Ubuntu server on RPi, many questions and no clue as always!

Hi all!
Noob here, tried to create a nextcloud instance for about a month now, following various guides and failing.
Found Learn Linux TV’s guide so I installed Ubuntu 21 on my Pi and went to town.
It worked! :smiley:

But I have a few questions and I’m hoping you could help me with it:

  1. In my previous attempts (following addicted2tech.net’s pi guide) I stated an instance of NGINX and linked a certificate for my home domain to cloudflare.
    I’ve installed portainer and Cloudflare DDNS to keep the update of IP so it should work a-ok.
    When I followed learn linux’s guide my domain is still padlocked.
    If i add a certbot and an SSL cert to my apache2 then I can’t connect to my nextcloud as it’s redirecting too many times (I’m assuming - the warning is ‘something went wrong’).
    How can I get rid of the HSTS warning without an SSL certificate?
    I’m assuming my nextcloud is safe thanks to the padlock and the link being proxied through cloudflare but when I add the Header always set Strict-Transport-Security “max-age=15552000; includeSubDomains” it doesn’t get rid of the warning.

Any thoughts?

2)CalDev, Calddar…
If I understand correctly you need to add a redirect to the ssl file again?
TBH I don’t need either a caledar or contacts details - I’ve already removed them - but the warning is still there :#
How can I dismiss them?

  1. SMTP!!
    I don’t want the mail ability to be honest, any password changes will be done locally and I don’t want to provide mail as everyone in my house is happy with gmail for now (that’s different battle that I just don’t have the knowledge to fight! :stuck_out_tongue: ).
    How can I give Nextcloud simple mail access?
    A thunderbird program in my windows desktop?
    My personal GMail account?
    And how would I secure it with no SSL??

4)I would like to add four hard drives in a raid 5 config to store my family’s photos and documents (via nextcloud), could anyone recommend a simple to follow guide for changing the data store path to the raid instance I will create the mdadm?

  1. I also have a HDD I want to use as a backup for everything - the server, the data in nextcloud, everything.
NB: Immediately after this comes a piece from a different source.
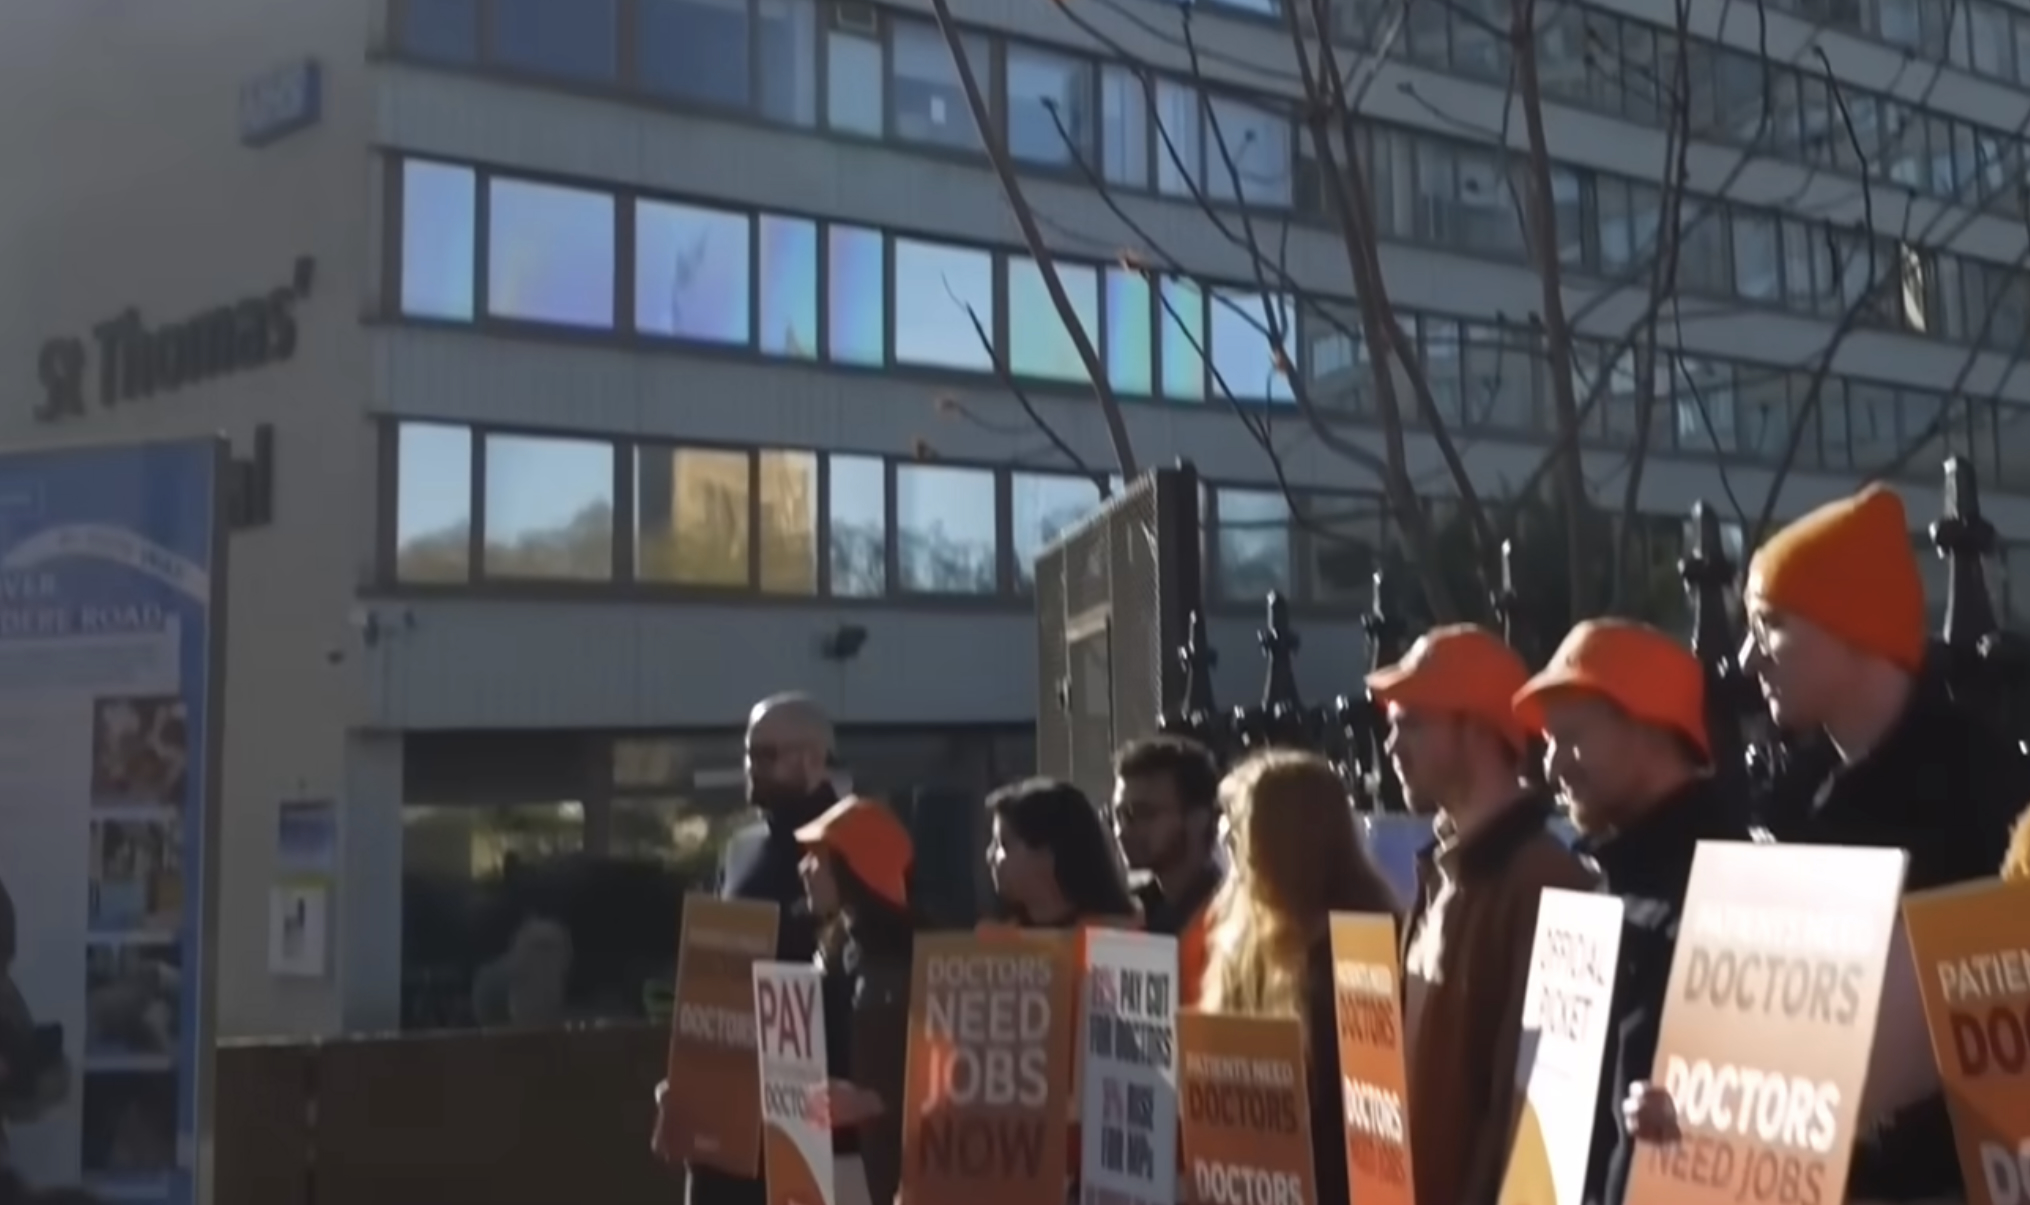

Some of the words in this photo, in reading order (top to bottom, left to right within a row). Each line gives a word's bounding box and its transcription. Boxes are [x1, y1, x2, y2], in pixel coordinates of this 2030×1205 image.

Could somone recommend a simple to follow guide for copying the contents of both the HDD of ubuntu and the raid of nextcloud once it’s set?

Sorry for a lot there, but thank you for any help to the above,
All the best. :smile:

1 Like

I also recommend asking on the Ubuntu forums since much of what you’ve mentioned is both in and outside of nextcloud.

On storage - What are you using for raid storage? Something connected to the Pi?

How much ram does your Pi 4 have?

Have you considered installing nextcloud as a docker image? Using docker-compose is even better. That is the only way to fly on a Pi in my opinion.

Hi, thanks for the reply.
ok will do, I’ll head to ubuntu forums now.

Storage -
Yes, it’s going to be a raid 5 connected over USB.
The raid is building now, after which I’ll mount it to a mount point, but how do you point next cloud to that mountpoint?

I have a pi 4 8gb, and I tried docker time after time with various youtube guides but something always failed and left me clueless.
Ubuntu is a little refreshing as there seems to be a wider pool of knowledge (how true that is I don’t know but that’s what it seems like to me).
In all honesty though, I feel too far down the rabbit hole now to turn around and do something else as I’ve managed to get a working database, nextcloud & mobile access - all of which is much, much more than I had in the past!

I see. Your problems stem from not understanding how Linux permissions work. You’ll need to master these.

Ownership
Permissions for user / group / other
Mounting

They all go hand in hand. You can confirm your current permissions with

ls -la

Then you can use chown and chgrp to adjust as needed. Look up these commands for more details. Tons of excellent guides online. It depends on your setup.

Mounting disks properly is required. You can do this on your machine by editing fstab. Disks are best identified by their UUID.

Since you are running raid you probably want to consider using OMV or a similar distribution for managing disks in a sane and friendly way. Nextcloud comes later. Ubuntu is also nice, but is just built on top of Debian, so you will find no explicit advantages beyond a different flow.

First learn how to understand permissions, ownership and mounting. Then you can worry about raid, Nextcloud, Docker, whatever else.

Hi, thanks for the reply
Can I ask what do you mean specifically?
my nextcloud folder in /var/www is owned by www-data & my config.php is owned by root:www-data as per the guide.
Is there others I should chown? something in the apache folder?